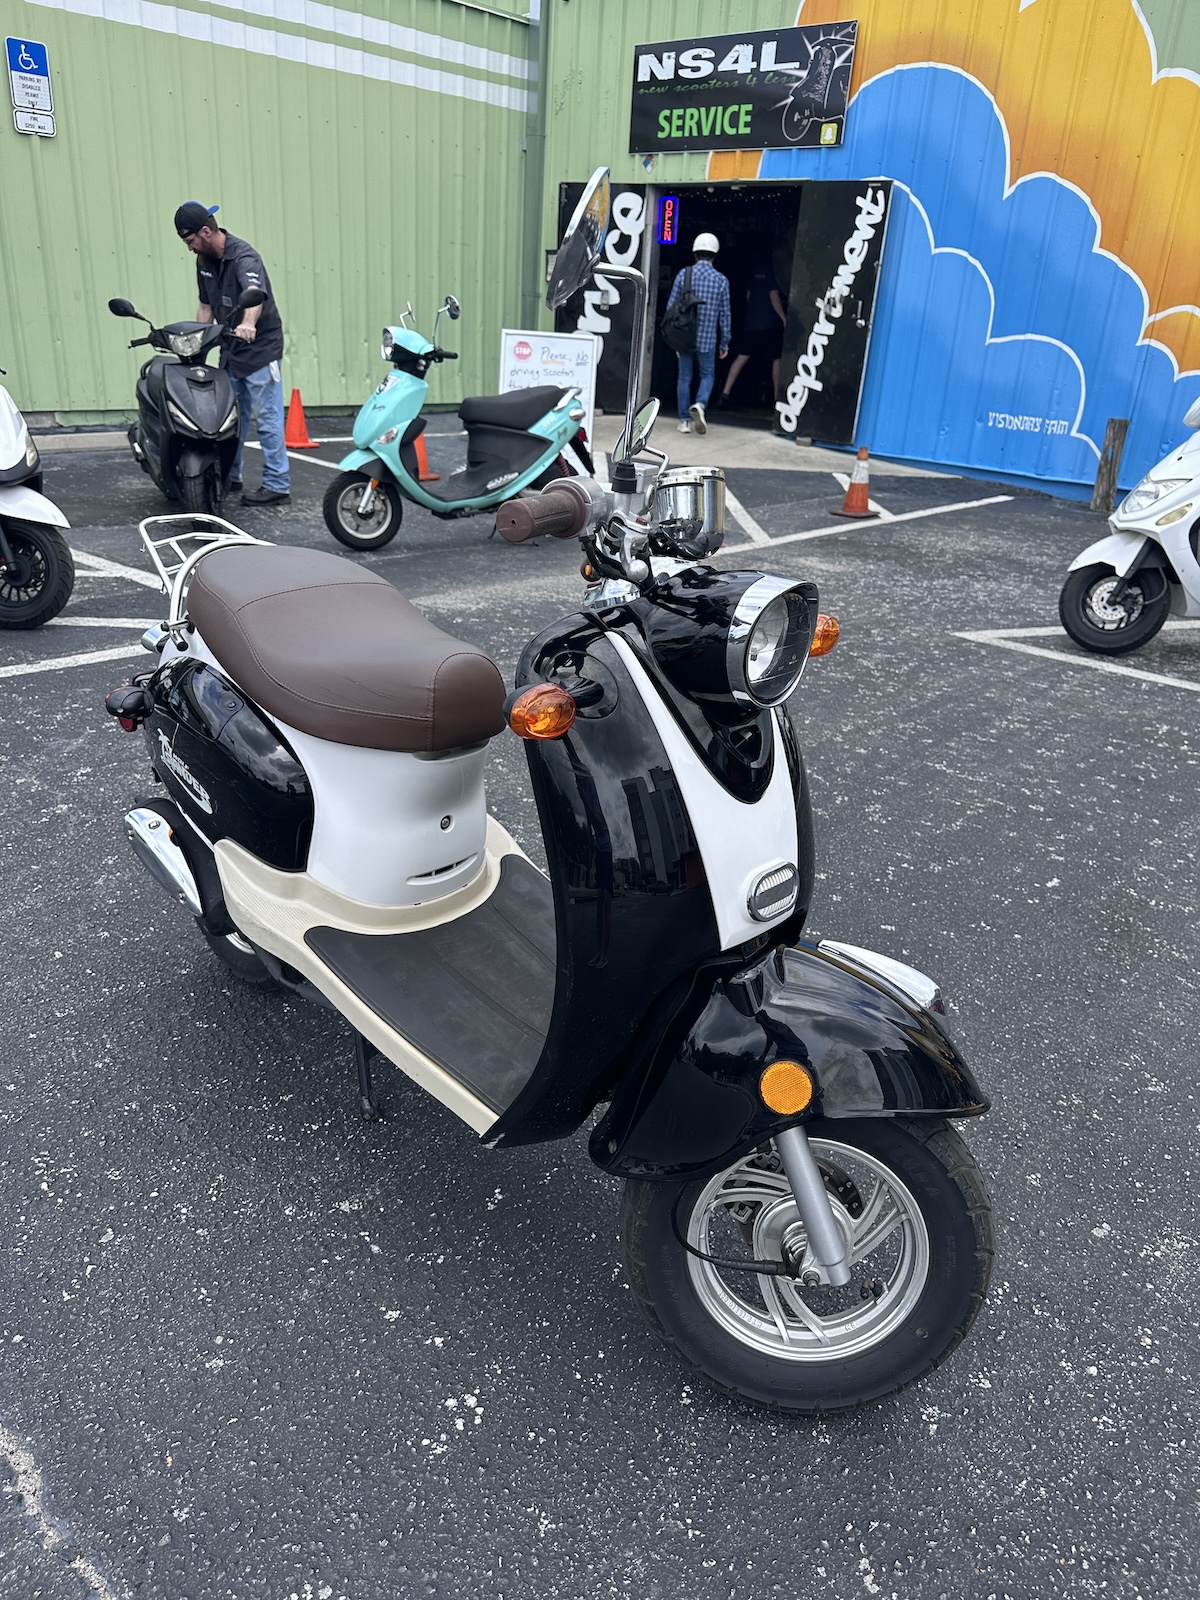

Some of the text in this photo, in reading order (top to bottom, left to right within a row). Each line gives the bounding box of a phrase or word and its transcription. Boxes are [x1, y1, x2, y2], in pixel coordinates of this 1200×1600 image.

[637, 41, 800, 82] NS4L
[637, 72, 798, 95] new scooters 4 less
[657, 103, 753, 139] SERVICE
[663, 199, 674, 242] OPEN
[775, 187, 886, 433] department
[514, 347, 532, 355] STOP
[576, 350, 589, 361] No
[510, 365, 540, 380] driving
---
- [What you have to do]: Leave out the pictures and retype the rest of the entries exactly.

- [Finished task]:
Some of the text in this photo, in reading order (top to bottom, left to right within a row). Each line gives the bounding box of a phrase or word and its transcription. Boxes are [x1, y1, x2, y2], in pixel coordinates of this 1200×1600 image.

[637, 41, 800, 82] NS4L
[637, 72, 798, 95] new scooters 4 less
[657, 103, 753, 139] SERVICE
[663, 199, 674, 242] OPEN
[775, 187, 886, 433] department
[514, 347, 532, 355] STOP
[576, 350, 589, 361] No
[510, 365, 540, 380] driving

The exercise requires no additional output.